Dans l’article décrivant l’activité de prélèvement et de greffe d’organes en France en 2006, F. Pessione et al. (Agence de la Biomédecine) [1] identifient les forces et les faiblesses d’une activité médicale essentielle.

Au nombre des faiblesses, l’insuffisance des prélèvements d’organes dans notre pays. En identifier les causes est indispensable. Et l’on ne peut déplorer la diminution des accidents de la voie publique et de la mortalité précoce (des moins de 65 ans) dont il faut au contraire se réjouir. Il faut encore et encore sensibiliser le public au don d’organes, encourager chacun à dire ou écrire de son vivant s’il s’oppose ou non à ce que l’on prélève ses organes si cela est possible, et surtout qu’il fasse connaître sa position, favorable ou non, à son entourage. La journée nationale de réflexion sur le don d’organes, tous les 22 juin, sert à cela et doit être encore plus médiatisée. L’autre piste importante pour augmenter les prélèvements est de mieux former les équipes chargées de cette activité, pour diminuer le taux de refus.

La réalisation d’un prélèvement est difficile, pénible et douloureuse pour la famille mais aussi pour l’équipe chargée du prélèvement.

Accompagner, motiver et aider ces équipes sont des impératifs absolus si l’on veut répondre aux besoins de la greffe en France. Comprendre les disparités régionales en France doit fournir certaines clés. Comme le rappellent les auteurs, d’autres sources d’organes, essentiellement de rein, sont à développer : donneurs vivants, et donneurs à cœur arrêté.

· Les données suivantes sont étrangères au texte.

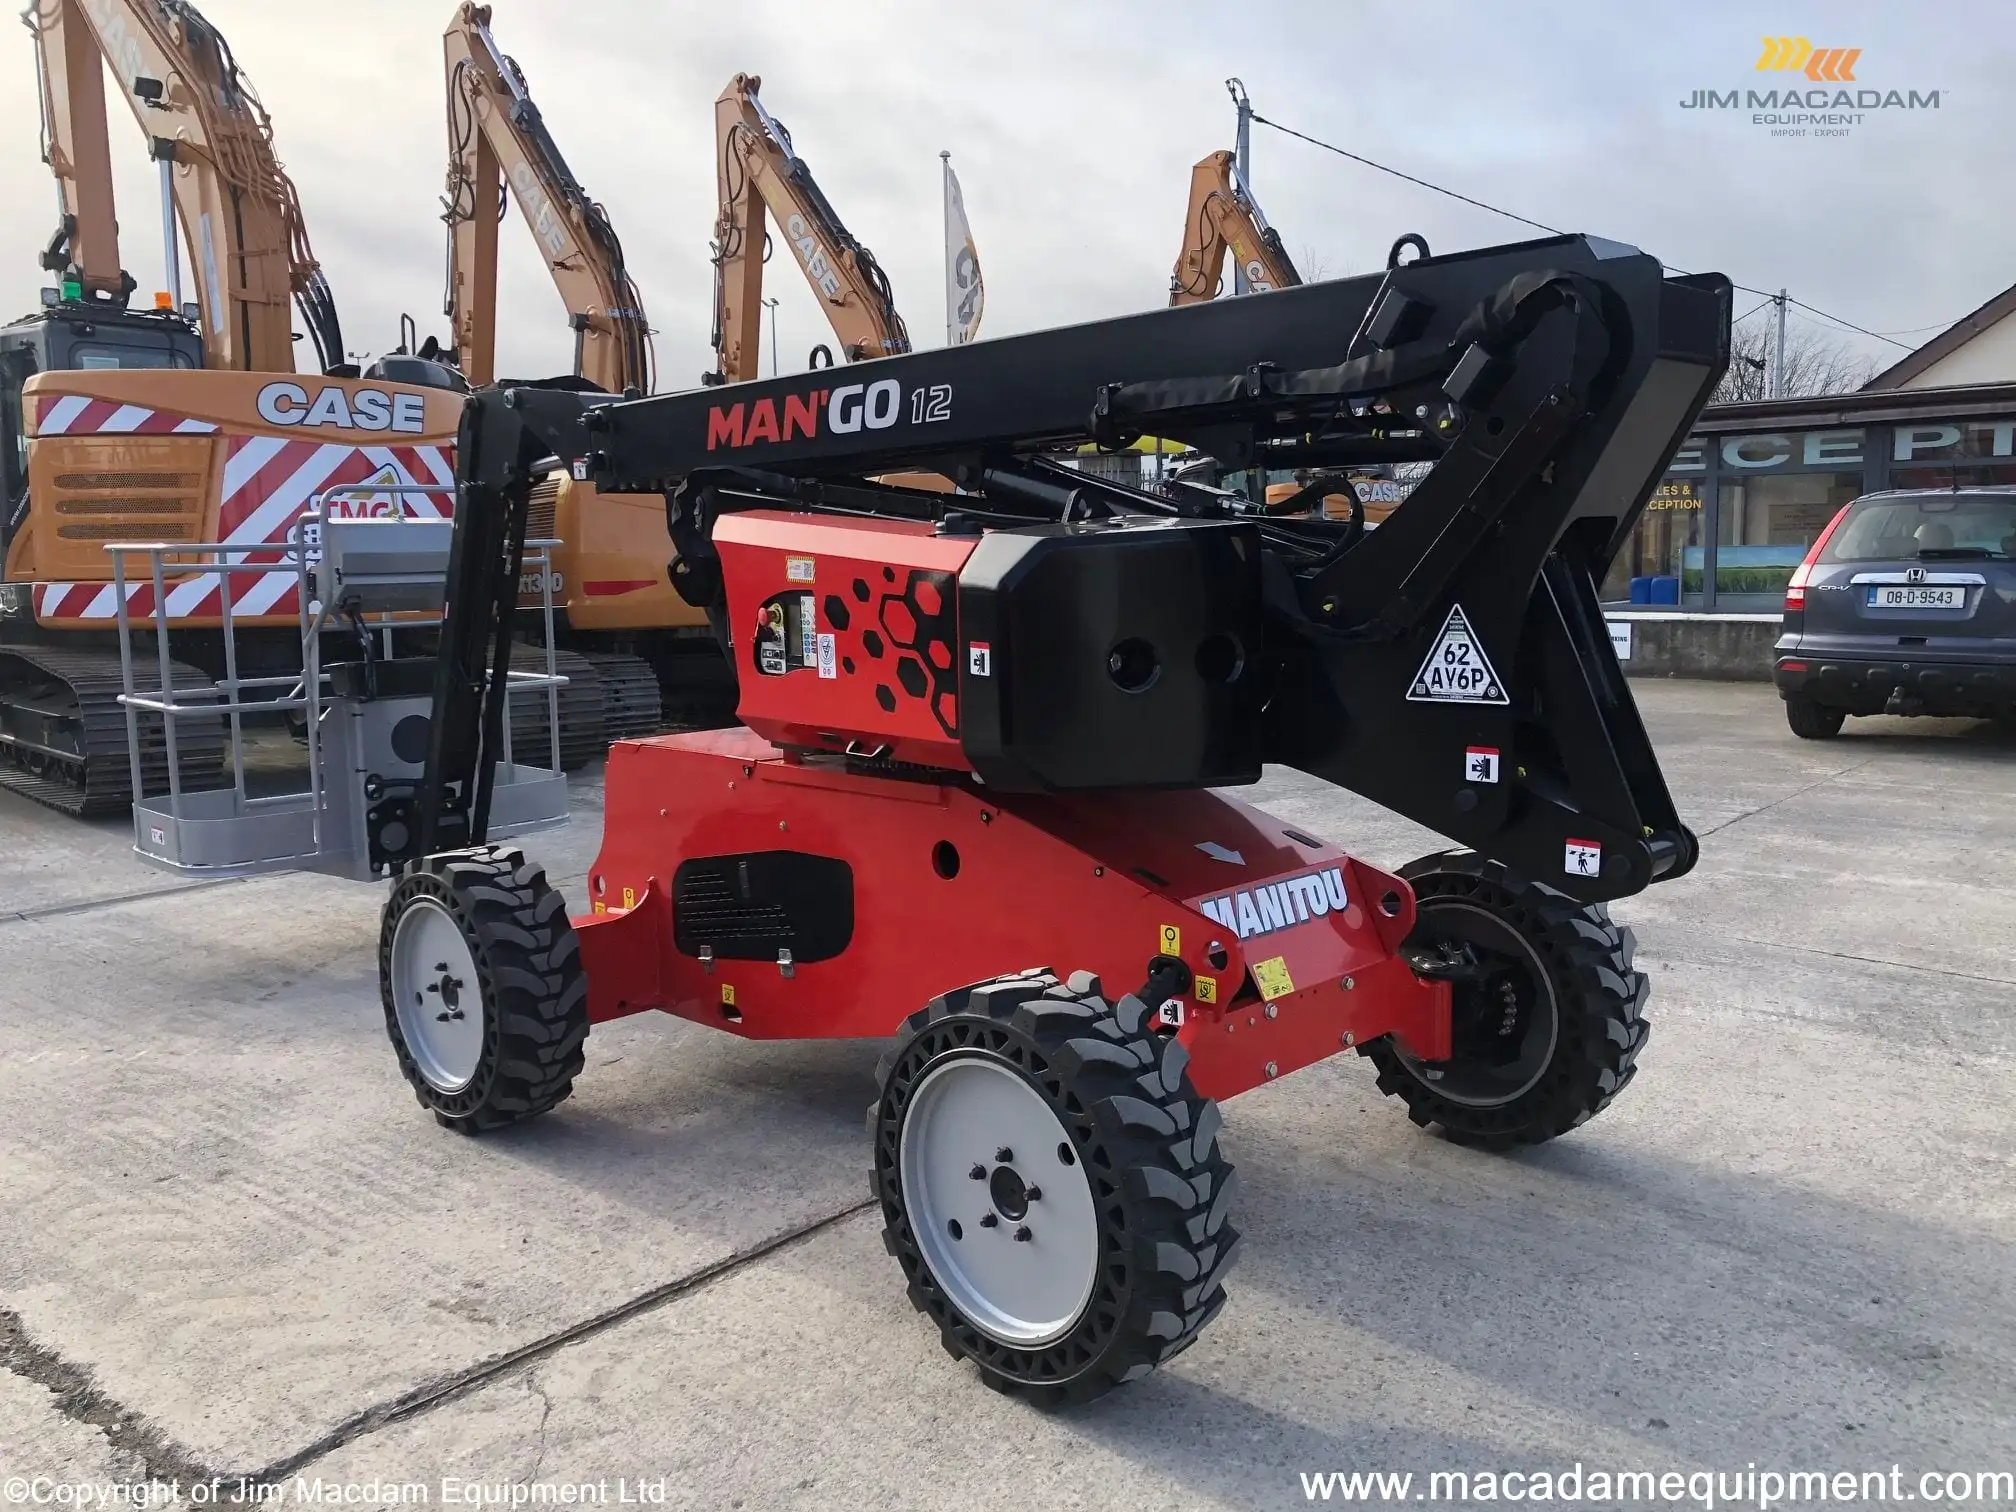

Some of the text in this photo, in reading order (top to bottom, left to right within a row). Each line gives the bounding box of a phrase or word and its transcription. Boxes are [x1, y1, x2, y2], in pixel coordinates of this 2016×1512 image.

Au-delà de ces aspects logistiques, deux considérations importantes doivent être à l’esprit :

  1. l’éthique de l’activité de prélèvement et de greffe, qui doit faire réfléchir chacun, donneur, receveur, soignants. Le développement dans certaines régions du monde du commerce d’organes montre les dérives autoritaires et marchandes auxquelles cette activité peut mener ;

  2. la qualité des résultats physiques mais aussi psychologiques apportés par la greffe qui justifie tous les efforts faits pour la développer.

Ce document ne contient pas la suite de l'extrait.